◆ **ABOUT THIS TASK**
A verbatim reproduction of the following listing is required; omit the pictures.

──────

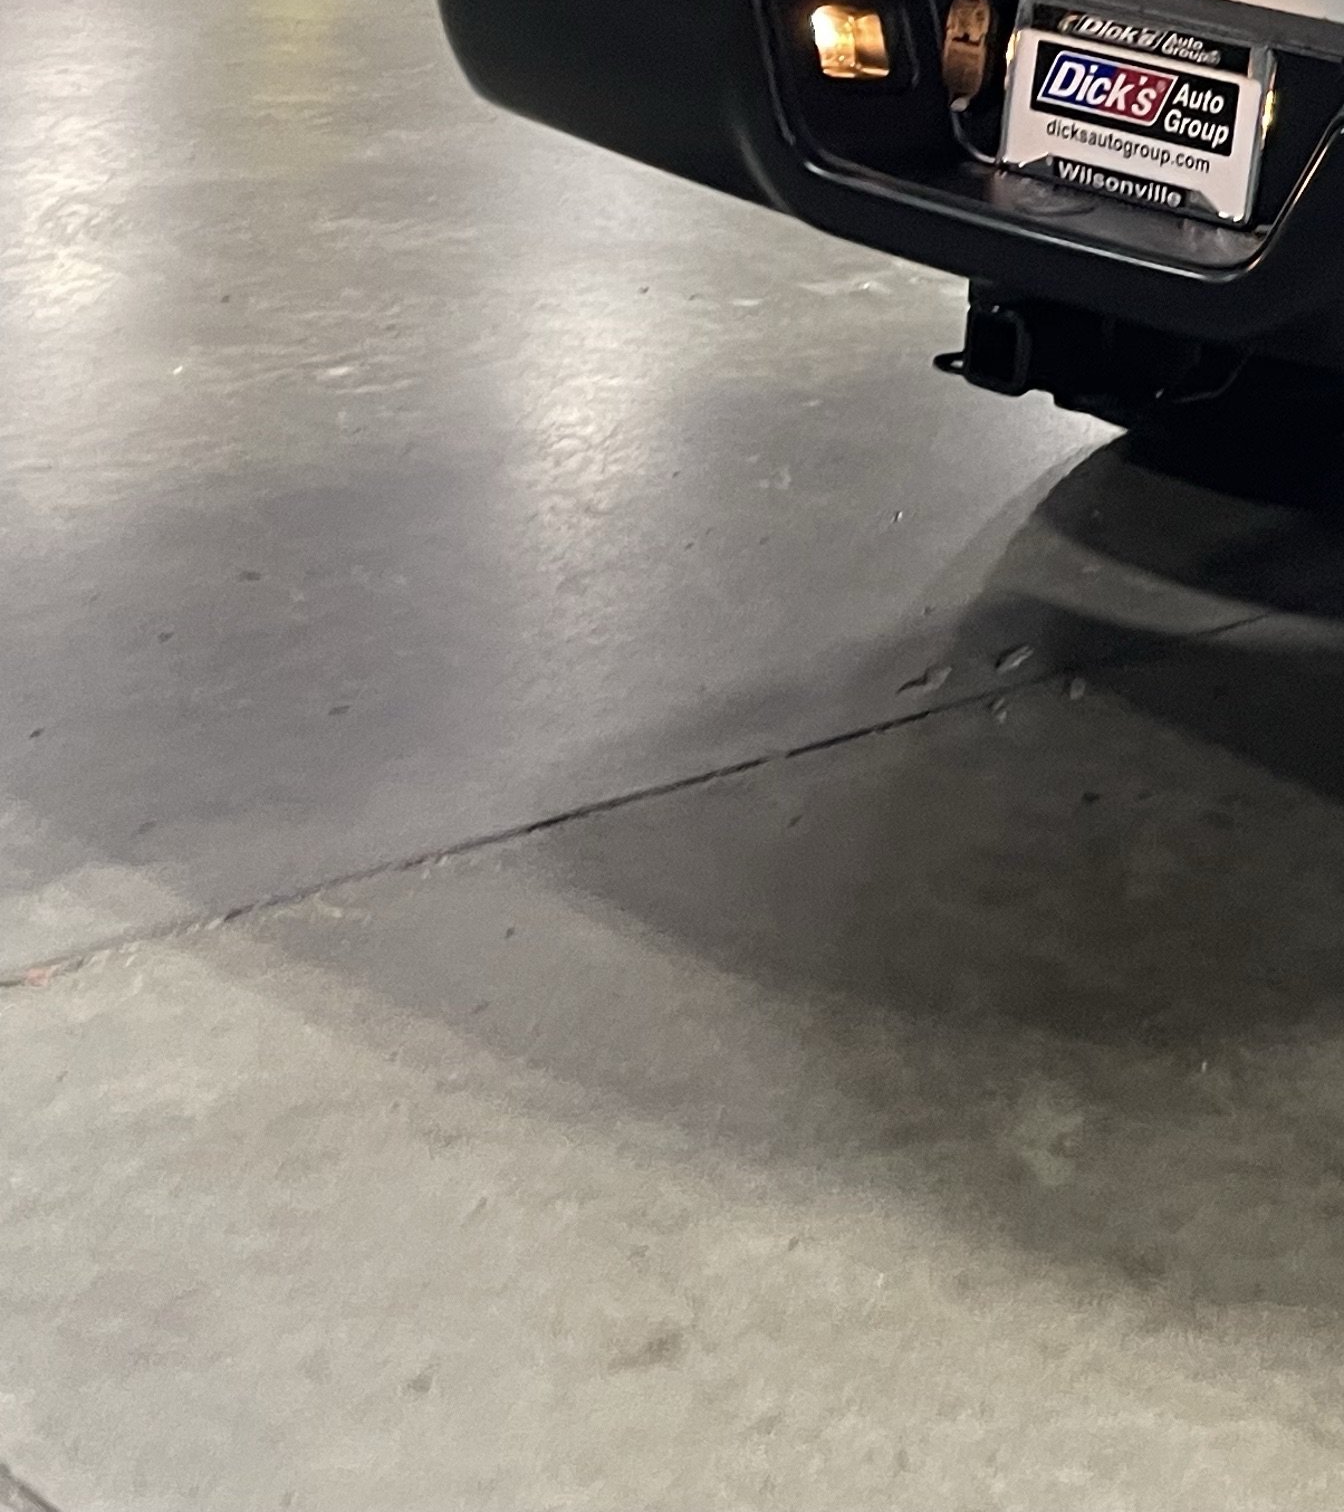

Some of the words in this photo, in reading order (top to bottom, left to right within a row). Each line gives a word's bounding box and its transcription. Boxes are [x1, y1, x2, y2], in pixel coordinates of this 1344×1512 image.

[1165, 32, 1204, 51] Auto
[1048, 58, 1157, 117] Dick's
[1172, 83, 1225, 114] Auto
[1045, 118, 1211, 174] dicksautogroup.com
[1164, 108, 1230, 149] Group
[1056, 159, 1182, 208] Wilsonville

──────

◆ **EXPECTED ANSWER**
Some of the words in this photo, in reading order (top to bottom, left to right within a row). Each line gives a word's bounding box and its transcription. Boxes are [x1, y1, x2, y2], in pixel coordinates of this 1344×1512 image.

[1165, 32, 1204, 51] Auto
[1048, 58, 1157, 117] Dick's
[1172, 83, 1225, 114] Auto
[1045, 118, 1211, 174] dicksautogroup.com
[1164, 108, 1230, 149] Group
[1056, 159, 1182, 208] Wilsonville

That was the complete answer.